Man on the Train, The (L’Homme du Train)

The problem with L’Homme du Train (The Man on the Train), directed by Patrice Leconte (La Veuve de Saint-Pierre, La Fille Sur La Pont, Ridicule) and written by Claude Klotz (Le Mari de la Coiffeuse) is its very French notion of redemption through crime. Like last year’s Sur Mes LPvres (Read My Lips) by Jacques Audiard, it is completely in thrall to the romance of the robber — a legacy to the French cinema from Jean Genet and the post-war existentialists. In fact, the willingness to romanticize criminals has become a kind of tic of French culture, like the Hollywood notion that sexual “repression” is a fatal illness — to oneself if not to others.

Not only do both assumptions, in my view, vitiate the large portion of the cinema of their respective countries in which they intrude, but they are related by a common ancestor. This is the even more basic assumption, derived from psychotherapy if not necessarily endorsed by psychotherapists, that the sexy and violent feelings that constantly churn in the Freudian id must be indulged, respected, even encouraged in spite of the respectable world of ego and superego if a man (especially) is to be fulfilled. In this world, the only question that matters is Lady Macbeth’s:

Art thou afeard
To be the same in thine own act and valor
As thou art in desire? Wouldst thou have that
Which thou esteem’st the ornament of life,
And live a coward in thine own esteem,
Letting ‘I dare not’ wait upon ‘I would’,
Like the poor cat i’th’adage?

The moral nullity of such an attitude does not necessarily, however, lessen the acuity of the question or prevent it from being used to good purpose by great artists, as Shakespeare showed. Being somewhat less great than that, M. Leconte allows himself to get just a little too close in outlook to a certain Scottish queen, but his story of a romantic bank robber called Milan, played by the French pop singer and one-time heartthrob Johnny Hallyday, and a retired schoolmaster known only as Monsieur Manesquier (Jean Rochefort) who try on each other’s lives for size is fitfully amusing and so worth a viewing.

This is mainly because of the outstanding performance of M. Rochefort in the pivotal role of the old man, since almost everything related to the bank robbers and the bank robbery is familiar to the point of tedium. Even Sadko (Pascal Parmentier), the driver who only speaks once a day, at ten o’clock in the morning, delivering himself of some such oracular utterance as that “Revenge is misfortune’s justice” before lapsing into silence for another 24 hours, sounds like someone that Quentin Tarantino could have dreamed up. But old man Manesquier with his boyish dreams of being a cowboy or a robber even though he knows — or perhaps just because he knows — that it’s too late for him is a character to treasure and remember.
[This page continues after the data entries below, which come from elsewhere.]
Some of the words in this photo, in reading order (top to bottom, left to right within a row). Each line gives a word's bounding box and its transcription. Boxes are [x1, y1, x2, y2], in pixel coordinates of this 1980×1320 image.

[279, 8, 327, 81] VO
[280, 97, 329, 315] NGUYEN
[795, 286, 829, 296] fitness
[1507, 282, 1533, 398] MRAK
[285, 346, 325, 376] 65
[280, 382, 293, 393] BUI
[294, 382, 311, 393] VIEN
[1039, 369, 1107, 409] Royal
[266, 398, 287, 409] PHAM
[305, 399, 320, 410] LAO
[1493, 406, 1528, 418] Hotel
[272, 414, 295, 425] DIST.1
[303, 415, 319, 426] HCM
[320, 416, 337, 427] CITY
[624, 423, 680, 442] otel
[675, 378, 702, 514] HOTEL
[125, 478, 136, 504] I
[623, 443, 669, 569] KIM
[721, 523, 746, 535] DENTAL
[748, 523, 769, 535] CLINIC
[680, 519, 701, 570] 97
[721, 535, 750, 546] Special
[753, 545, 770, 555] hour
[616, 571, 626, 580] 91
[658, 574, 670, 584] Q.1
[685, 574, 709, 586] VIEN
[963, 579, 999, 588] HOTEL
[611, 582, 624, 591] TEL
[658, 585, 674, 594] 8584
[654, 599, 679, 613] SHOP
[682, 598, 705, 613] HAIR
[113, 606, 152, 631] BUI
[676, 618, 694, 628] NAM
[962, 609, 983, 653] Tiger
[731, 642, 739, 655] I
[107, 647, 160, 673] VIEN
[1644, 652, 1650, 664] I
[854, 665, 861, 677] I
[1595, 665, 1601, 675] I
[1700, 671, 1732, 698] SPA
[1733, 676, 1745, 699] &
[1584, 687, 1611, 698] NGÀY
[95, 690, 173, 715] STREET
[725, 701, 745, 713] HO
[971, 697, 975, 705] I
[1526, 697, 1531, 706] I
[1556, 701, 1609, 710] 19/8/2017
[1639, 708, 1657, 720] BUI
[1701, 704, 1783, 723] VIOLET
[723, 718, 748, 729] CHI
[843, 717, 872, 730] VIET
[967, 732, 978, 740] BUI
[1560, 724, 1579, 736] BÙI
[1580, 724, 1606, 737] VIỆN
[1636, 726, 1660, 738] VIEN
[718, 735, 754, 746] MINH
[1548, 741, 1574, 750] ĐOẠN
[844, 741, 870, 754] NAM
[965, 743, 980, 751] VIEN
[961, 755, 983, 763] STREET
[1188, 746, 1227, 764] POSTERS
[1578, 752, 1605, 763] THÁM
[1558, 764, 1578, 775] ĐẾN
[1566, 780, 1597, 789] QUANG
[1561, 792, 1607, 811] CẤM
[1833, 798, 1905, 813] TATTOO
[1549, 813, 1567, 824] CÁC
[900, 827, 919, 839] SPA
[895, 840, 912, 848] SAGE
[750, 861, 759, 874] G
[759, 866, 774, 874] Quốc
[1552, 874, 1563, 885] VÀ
Moreover, Leconte rises above the reflexive French celebration of criminality by recognizing that the longing for another life can work both ways, and that the romantic robber himself wanted at some level to have been the schoolmaster as much as the schoolmaster wanted to be the robber. The best moment of the film comes as Manesquier’s sole pupil, a twelve-year-old boy whom he is tutoring, comes to the house while he is out and the robber, on impulse, says that he is to be the substitute for the day. The boy, who is rather dim, has been reading Balzac’s Eugenie Grandet, and Milan, who seems not to have read it himself, quizzes him about it.

“What does Eugenie Grandet do?” he asks.

“She waits,” says the boy.

“For how long?” asks Milan

“For the whole book.”

“What do you think of her?”

“She’s — patient,” says the boy, falling back on a comforting banality.

“I think she’s magnificent,” replies Milan. “People don’t have that kind of patience today.”

It is another sign of his growing admiration for Manesquier, who has also spent his life waiting. But in trying on such a life for size he realizes, as much as Manesquier does, that he cannot be the other man and must go on to the end of the course he has chosen. The robber must go to his robbery, while the schoolmaster, though eager to help, has to have a triple by-pass operation the same day. “I could call the hospital and say I was sick,” he says light-heartedly. But it’s all a dream. “Are you determined?” he asks Milan about the robbery.

“I have no choice,” says the other.

“Me neither.”

Yet the film ends on the dreamy note, which lightens its pessimism a bit at the cost of a certain sentimentality. That, too, is very French — and more charmingly so than the romantic robber.